(Task input)

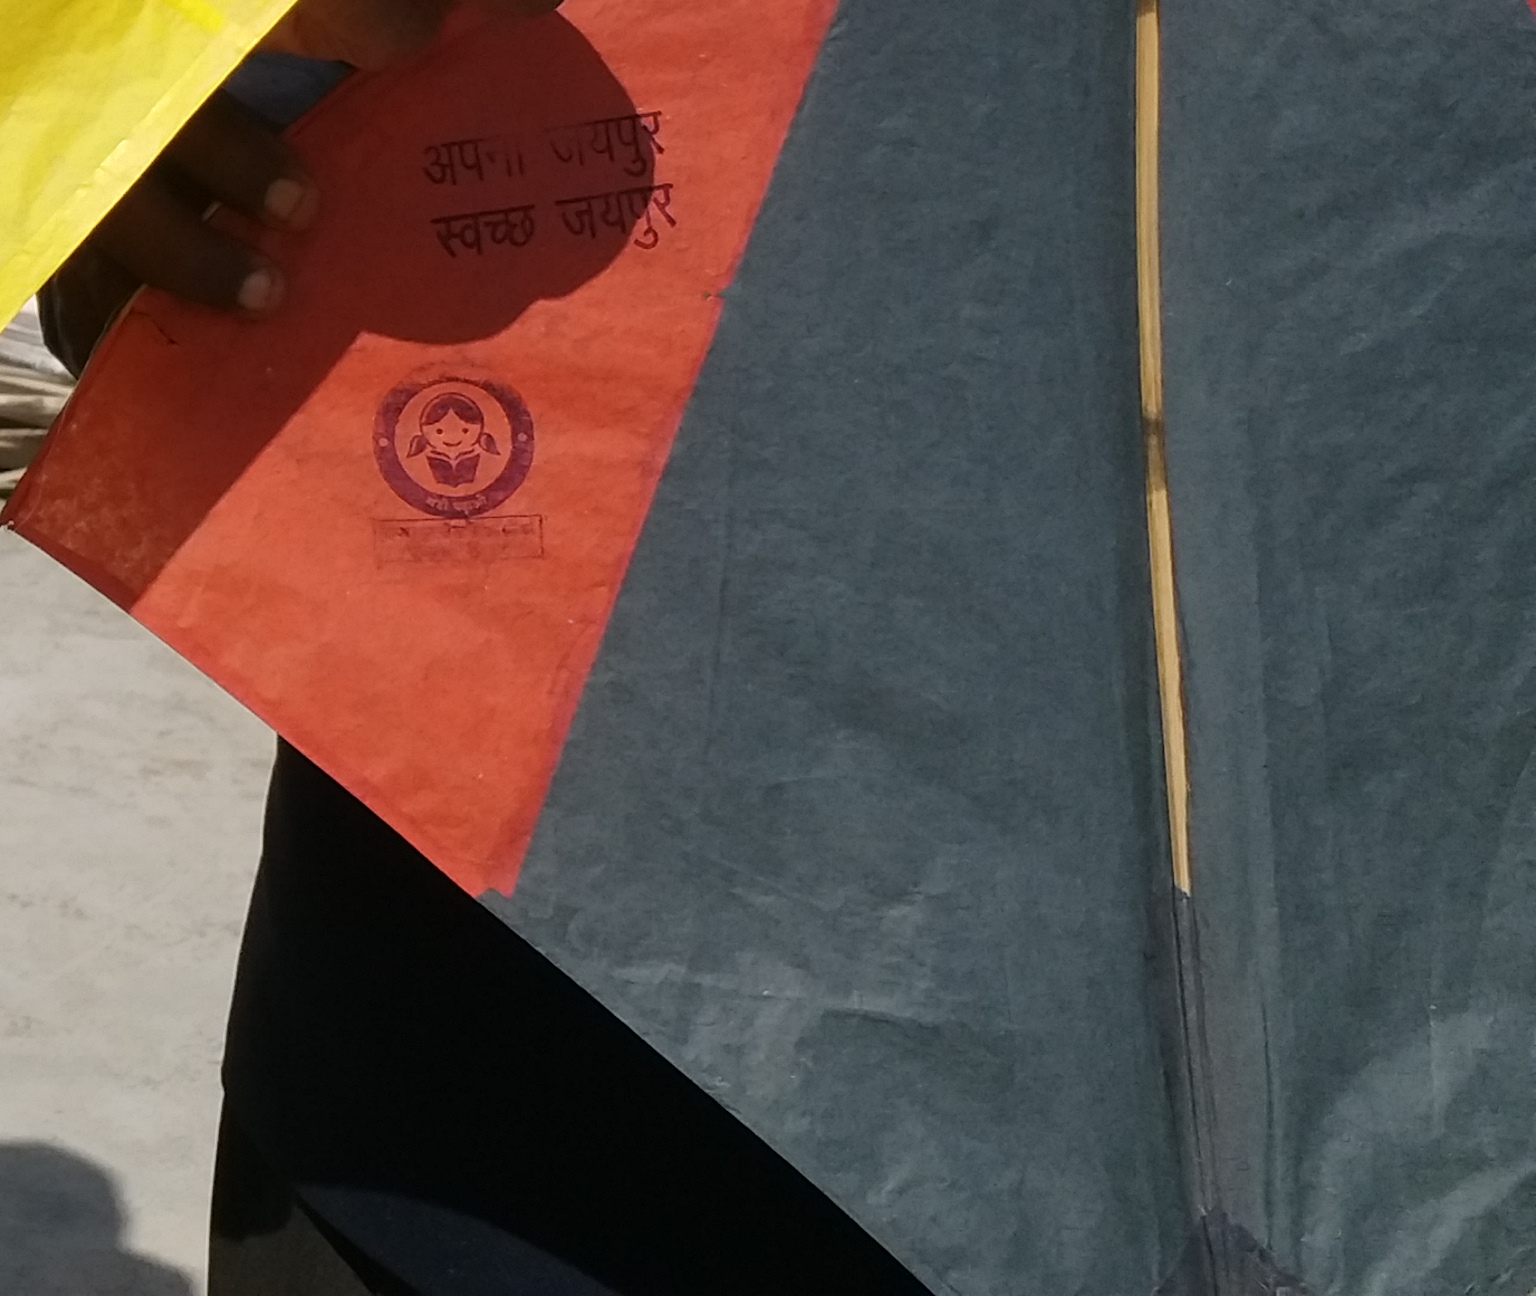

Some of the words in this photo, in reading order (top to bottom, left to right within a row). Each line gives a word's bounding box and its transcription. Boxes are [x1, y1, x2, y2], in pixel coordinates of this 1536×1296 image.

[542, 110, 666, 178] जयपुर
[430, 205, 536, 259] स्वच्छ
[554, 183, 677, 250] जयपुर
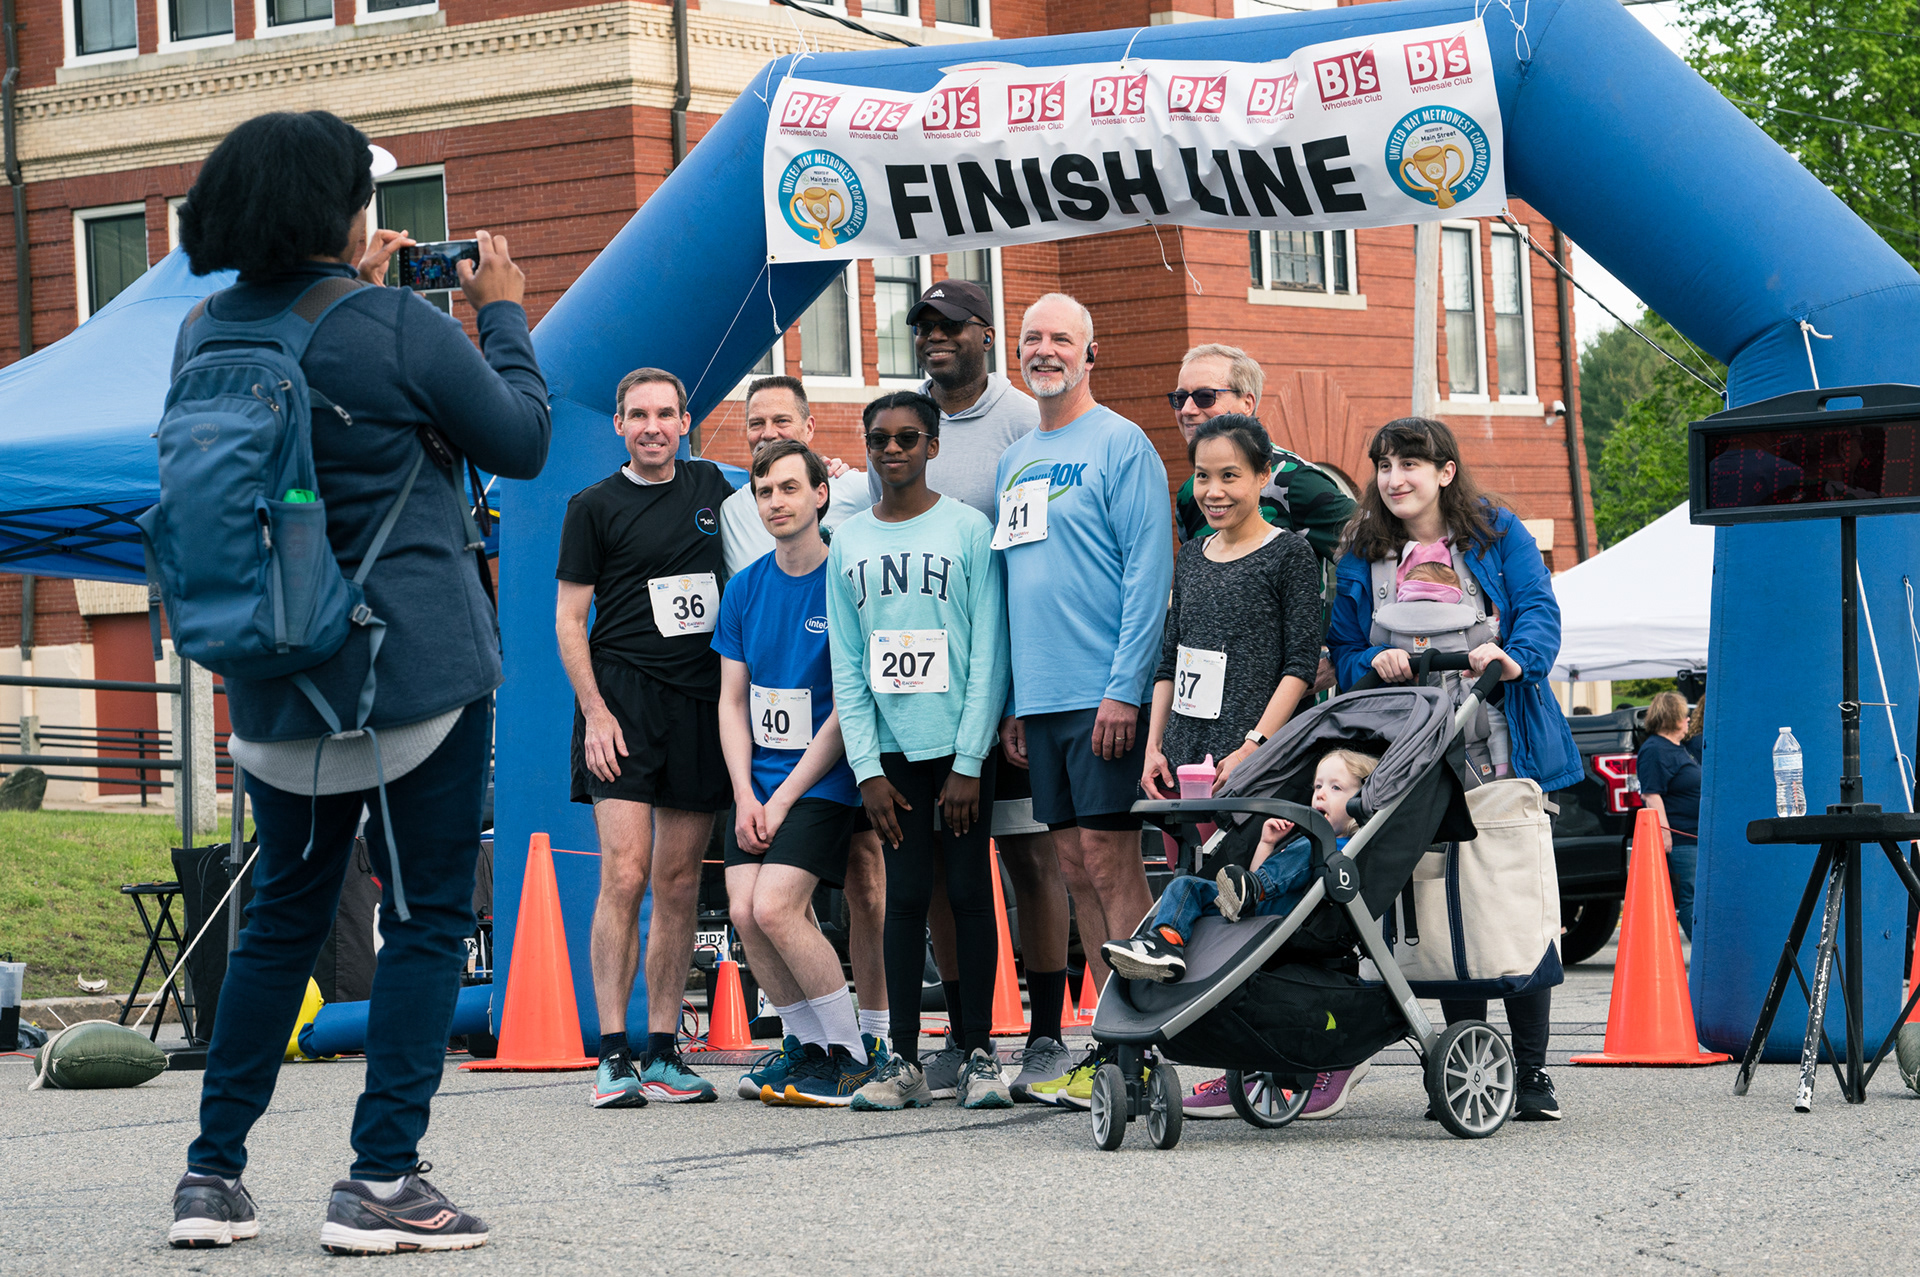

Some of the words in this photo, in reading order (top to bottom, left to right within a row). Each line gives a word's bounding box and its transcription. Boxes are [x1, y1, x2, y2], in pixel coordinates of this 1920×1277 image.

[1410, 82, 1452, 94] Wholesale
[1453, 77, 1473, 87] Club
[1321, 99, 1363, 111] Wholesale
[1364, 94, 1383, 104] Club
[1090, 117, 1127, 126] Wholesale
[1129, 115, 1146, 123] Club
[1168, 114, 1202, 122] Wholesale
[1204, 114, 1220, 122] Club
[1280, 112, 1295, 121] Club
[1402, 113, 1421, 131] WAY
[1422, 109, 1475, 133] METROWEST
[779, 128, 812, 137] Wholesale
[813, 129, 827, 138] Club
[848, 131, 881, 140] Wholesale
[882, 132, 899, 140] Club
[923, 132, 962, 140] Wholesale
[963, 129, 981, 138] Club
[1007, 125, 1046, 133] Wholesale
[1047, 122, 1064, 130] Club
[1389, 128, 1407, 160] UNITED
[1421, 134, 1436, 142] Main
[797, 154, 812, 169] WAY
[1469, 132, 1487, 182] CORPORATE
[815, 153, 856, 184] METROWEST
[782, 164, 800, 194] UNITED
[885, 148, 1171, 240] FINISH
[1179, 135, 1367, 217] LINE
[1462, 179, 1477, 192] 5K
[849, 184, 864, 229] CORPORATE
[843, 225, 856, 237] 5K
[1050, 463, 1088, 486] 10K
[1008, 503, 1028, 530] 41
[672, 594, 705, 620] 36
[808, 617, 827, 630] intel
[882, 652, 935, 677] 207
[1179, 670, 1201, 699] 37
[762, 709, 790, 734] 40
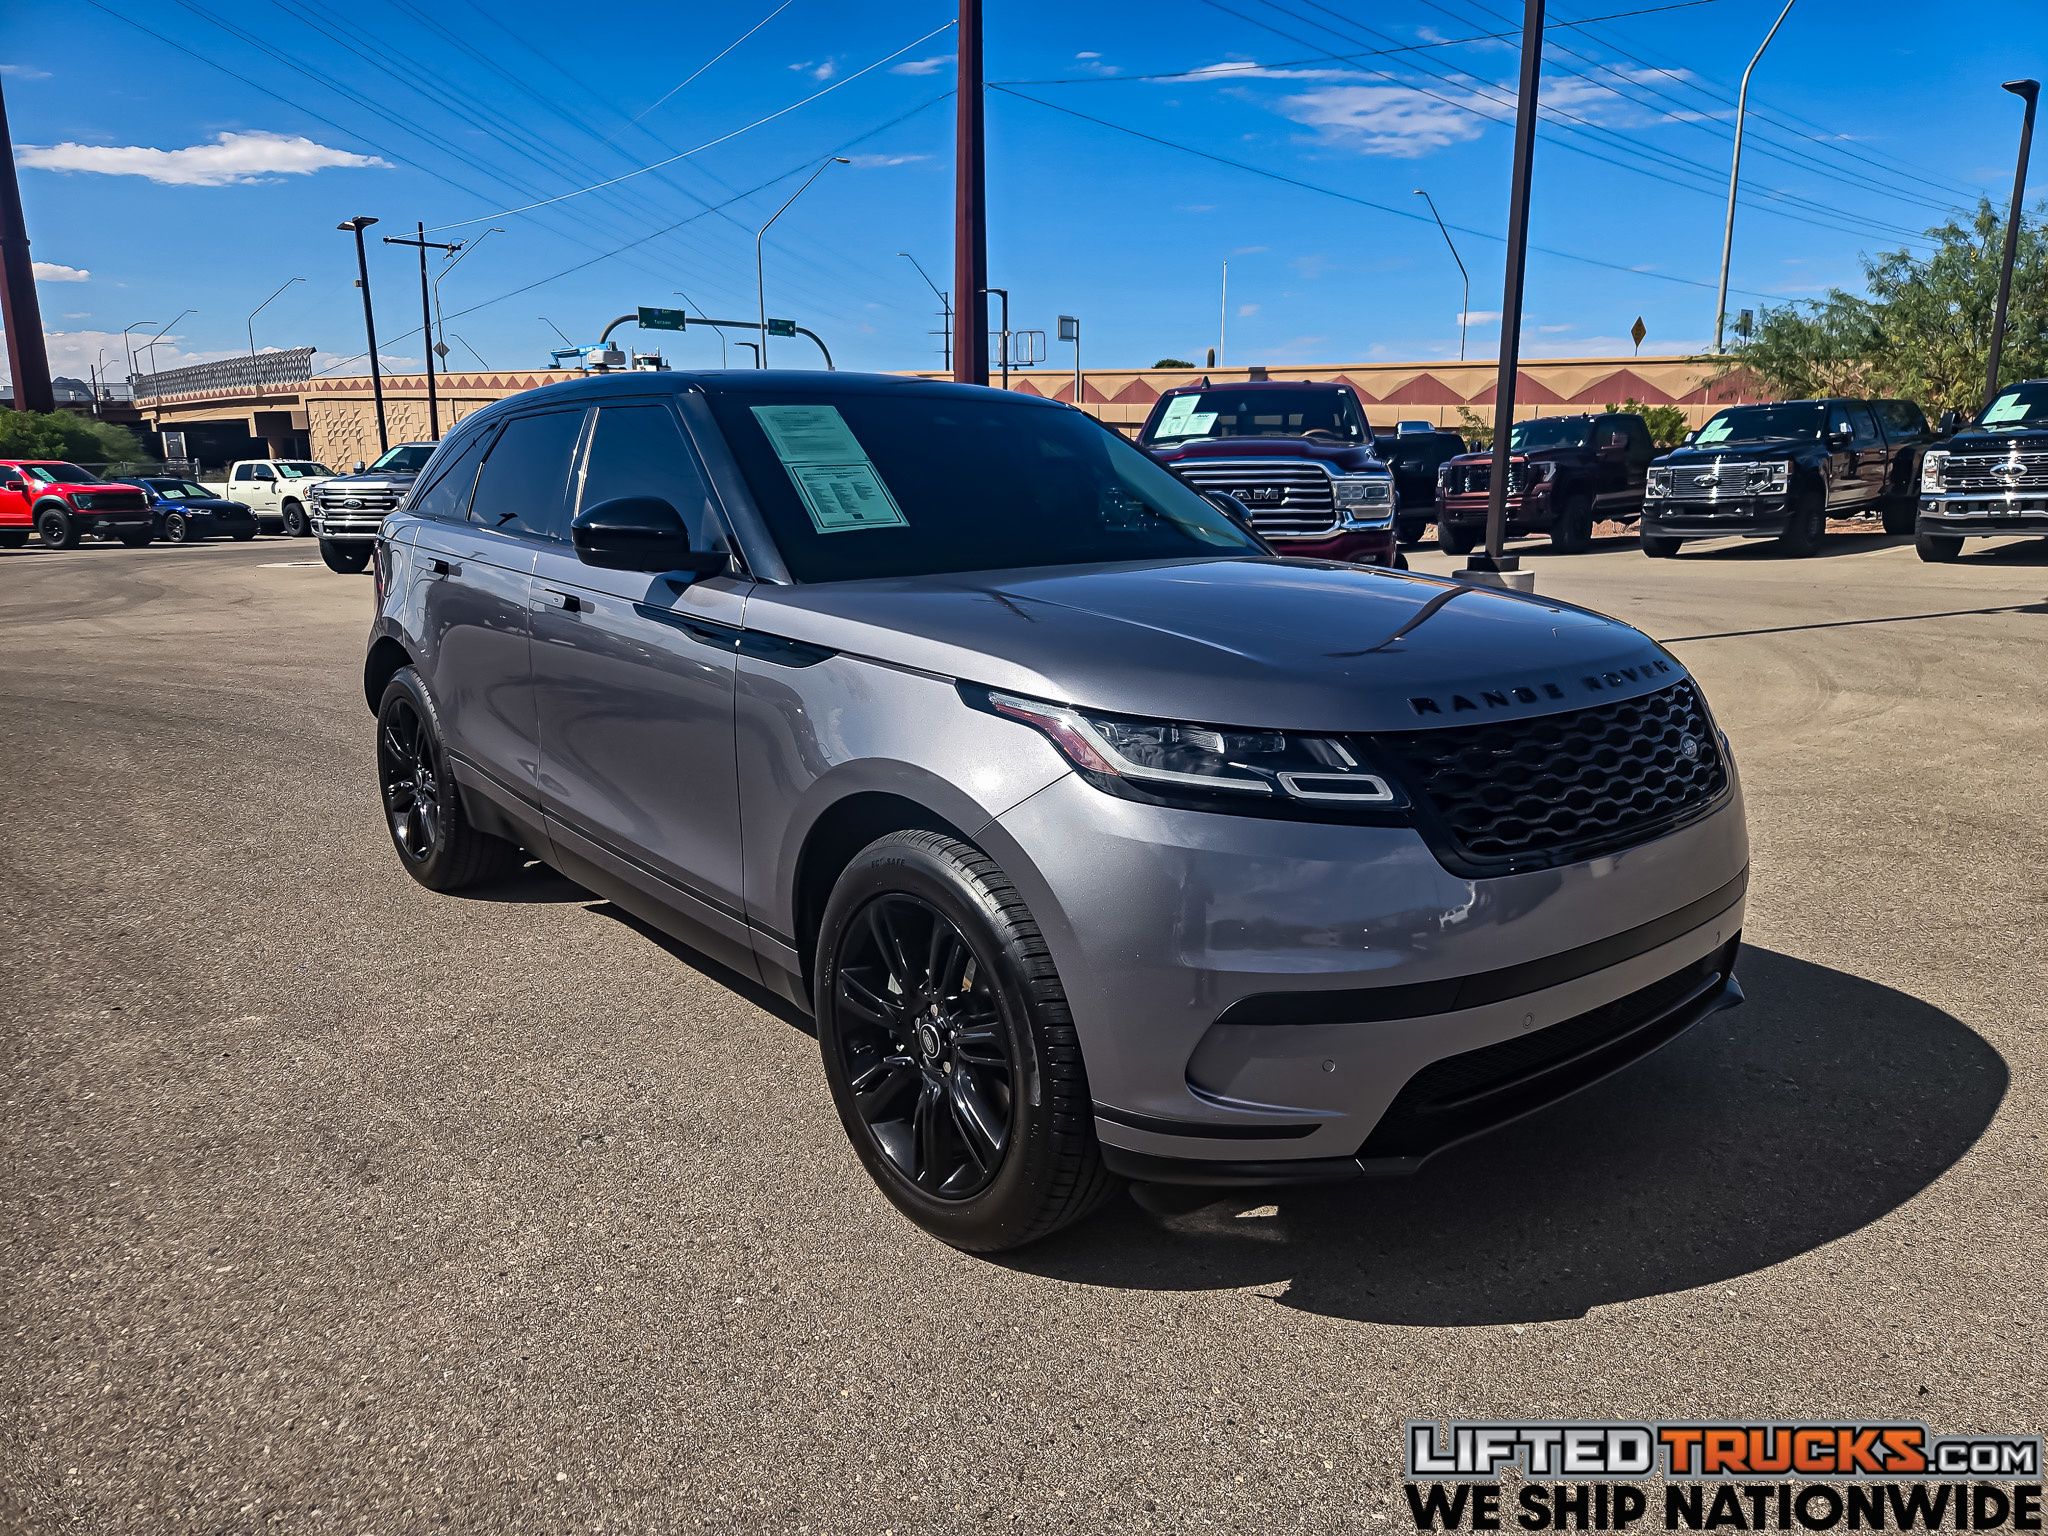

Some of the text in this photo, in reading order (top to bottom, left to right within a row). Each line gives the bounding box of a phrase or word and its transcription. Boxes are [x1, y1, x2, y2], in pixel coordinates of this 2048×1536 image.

(End Task input)

**Work order:** Set down every entry word for word, but omit the pictures.

**Output:**
Some of the words in this photo, in reading order (top to bottom, left to right within a row). Each line gives a word's bounding box and its transcription. Boxes are [x1, y1, x2, y2], in pixel coordinates of this 1536×1296 image.

[542, 110, 666, 178] जयपुर
[430, 205, 536, 259] स्वच्छ
[554, 183, 677, 250] जयपुर

Some of the words in this photo, in reading order (top to bottom, left to right within a row). Each line gives a word's bounding box and its transcription. Boxes are [x1, y1, x2, y2], in pixel coordinates of this 1920×1277 image.

[1410, 82, 1452, 94] Wholesale
[1453, 77, 1473, 87] Club
[1321, 99, 1363, 111] Wholesale
[1364, 94, 1383, 104] Club
[1090, 117, 1127, 126] Wholesale
[1129, 115, 1146, 123] Club
[1168, 114, 1202, 122] Wholesale
[1204, 114, 1220, 122] Club
[1280, 112, 1295, 121] Club
[1402, 113, 1421, 131] WAY
[1422, 109, 1475, 133] METROWEST
[779, 128, 812, 137] Wholesale
[813, 129, 827, 138] Club
[848, 131, 881, 140] Wholesale
[882, 132, 899, 140] Club
[923, 132, 962, 140] Wholesale
[963, 129, 981, 138] Club
[1007, 125, 1046, 133] Wholesale
[1047, 122, 1064, 130] Club
[1389, 128, 1407, 160] UNITED
[1421, 134, 1436, 142] Main
[797, 154, 812, 169] WAY
[1469, 132, 1487, 182] CORPORATE
[815, 153, 856, 184] METROWEST
[782, 164, 800, 194] UNITED
[885, 148, 1171, 240] FINISH
[1179, 135, 1367, 217] LINE
[1462, 179, 1477, 192] 5K
[849, 184, 864, 229] CORPORATE
[843, 225, 856, 237] 5K
[1050, 463, 1088, 486] 10K
[1008, 503, 1028, 530] 41
[672, 594, 705, 620] 36
[808, 617, 827, 630] intel
[882, 652, 935, 677] 207
[1179, 670, 1201, 699] 37
[762, 709, 790, 734] 40

Some of the text in this photo, in reading order (top to bottom, left to right within a row). Each line gives the bounding box of a phrase or word and its transcription. Boxes are [x1, y1, x2, y2], in pixel coordinates of this 2048×1536 image.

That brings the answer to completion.